In this post-COVID world for Bob, his weight has dropped much faster than it would have otherwise due to the restrictions on visitations (think - family members bringing in random snacks and goodies), restrictions on volunteers (who are also notorious for bringing in naughty goodies for our old folks), and lack of access to restaurants.
Also - and this is a big one - no more congregate dining (e.g., residents all eat in their rooms, alone). There’s a pretty longstanding literate base that shows when older adults eat together they tend to consume more.
Bob is also not getting out of bed more than once or twice a week, and only does so because the nurses “hound” him. He complains “there’s no point to getting out of bed, there’s nothing to do.”
Bob seems depressed. His pain has been poorly controlled with medications.
Bob is not thriving. In this post-COVID world, Bob lasts only about nine months at our nursing home under his palliative care approach, and due to his swift decline, he is eventually converted to a formal hospice care program as his attending physician feels he has less than six months to live. Although this liberalizes certain things about his care (his wife can now visit at all hours again, and more than two hours at a time), Bob eventually succumbs to his cancer and dies.
In Summary
I keep writing these articles because I want to emphasize how profoundly that COVID rules have changed my nursing home, for the significantly worse for my residents. I think people just assume that these rules extend life for my patients.

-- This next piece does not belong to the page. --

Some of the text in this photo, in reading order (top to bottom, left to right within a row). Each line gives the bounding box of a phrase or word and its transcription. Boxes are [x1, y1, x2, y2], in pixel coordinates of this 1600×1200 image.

I don’t. I think it’s shortening many of their lives - literally killing them - and at the same time, I think it’s making whatever precious time they have left far, far less meaningful and happy. The last 2+ years have been an ongoing crime against nursing home residents, in my humble opinion, as your GeroDoc.
As always, I fictionalize and/or anonymize every patient example I use.

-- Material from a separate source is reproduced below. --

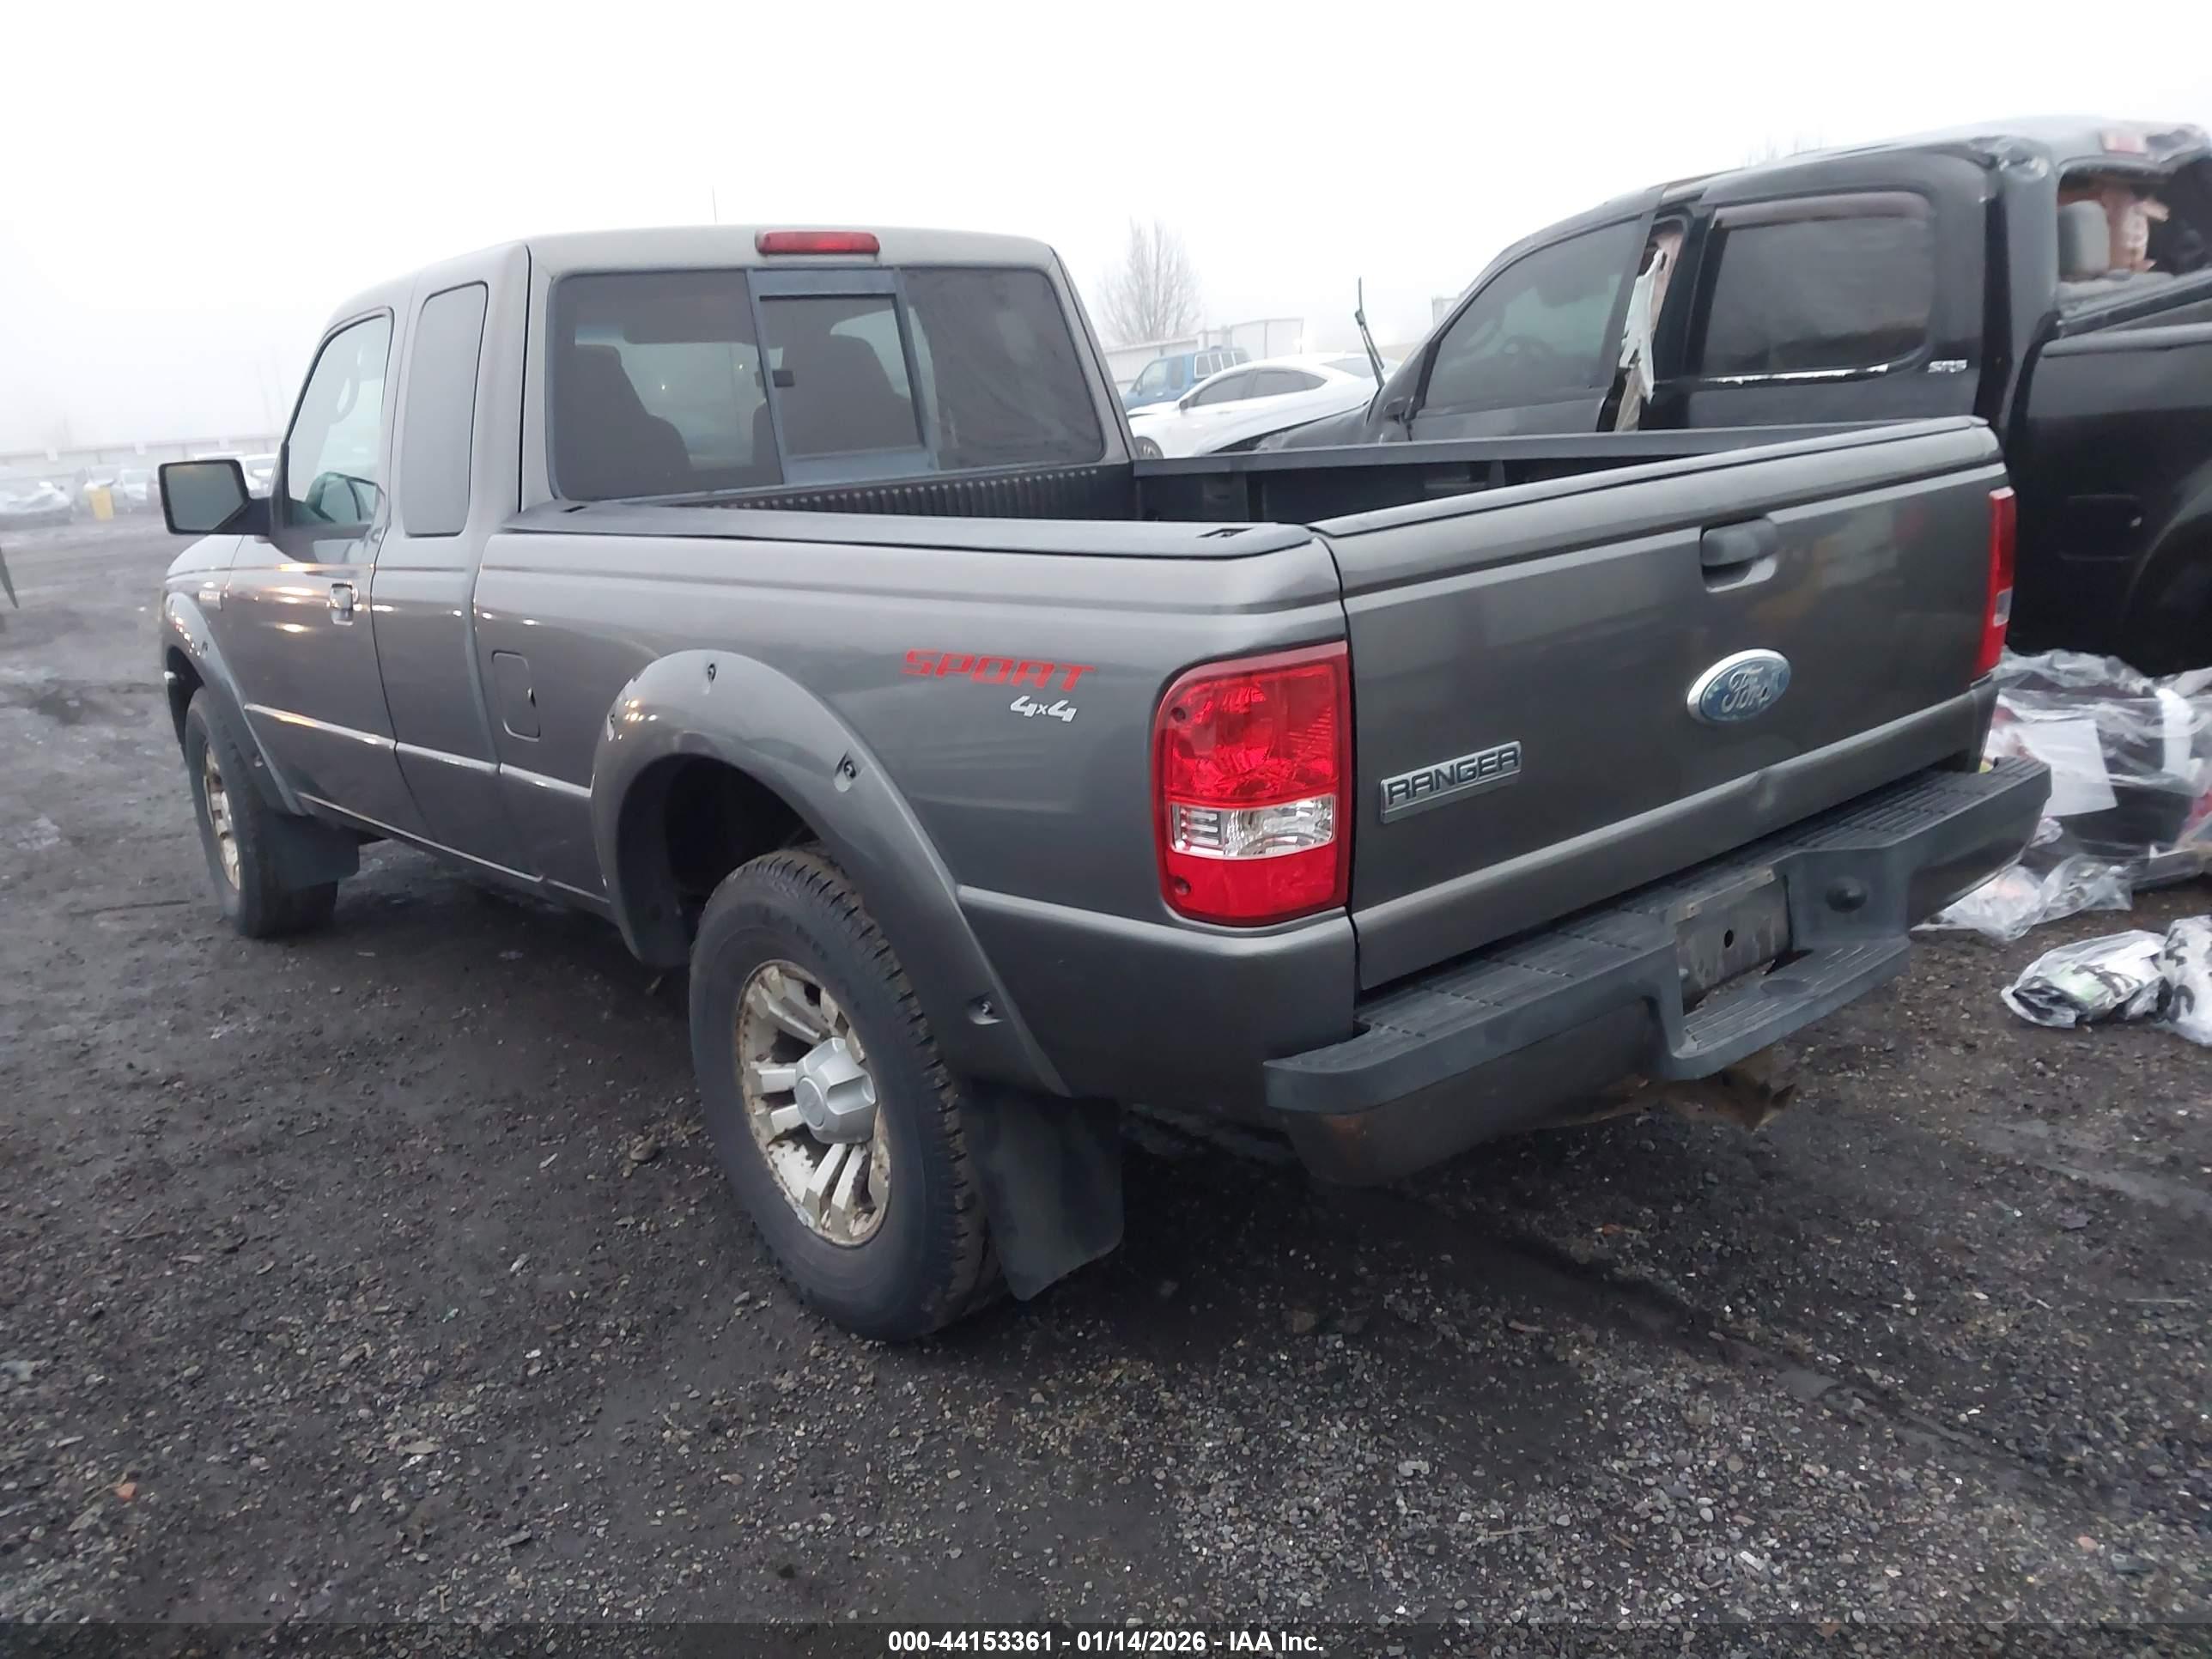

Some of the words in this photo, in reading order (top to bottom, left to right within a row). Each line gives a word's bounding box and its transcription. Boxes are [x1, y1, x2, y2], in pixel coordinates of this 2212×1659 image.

[901, 648, 1097, 692] SPORT
[1721, 665, 1778, 714] Ford
[1009, 695, 1078, 723] 4x4
[1387, 746, 1520, 805] RANGER

As of this writing - this week - things have changed. Because the FDA has recently approved (for “emergency use”) a COVID vaccine for under 5 year olds, Bob should theoretically be able to see his great-grandchildren, as they can be vaccinated for COVID now, thereby satisfying CMS rules on visitors being vaccinated or screening negative for COVID prior to visitation (although it remains to be seen, to put it mildly, as to whether an under 5 year old will wear masks or comply with social distancing rules). Mind you - even the idea of COVID being an “emergency” for under 5 year old children, as well as the data that has been gathered supposedly validating use of a vaccine for it, has been hugely controversial. I highly recommend following the work of UCSF hematologist-oncologist and Associate Professor in the Department of Epidemiology and Biostatistics Dr. Vinay Prasad, who has blogged and made numerous videos about this.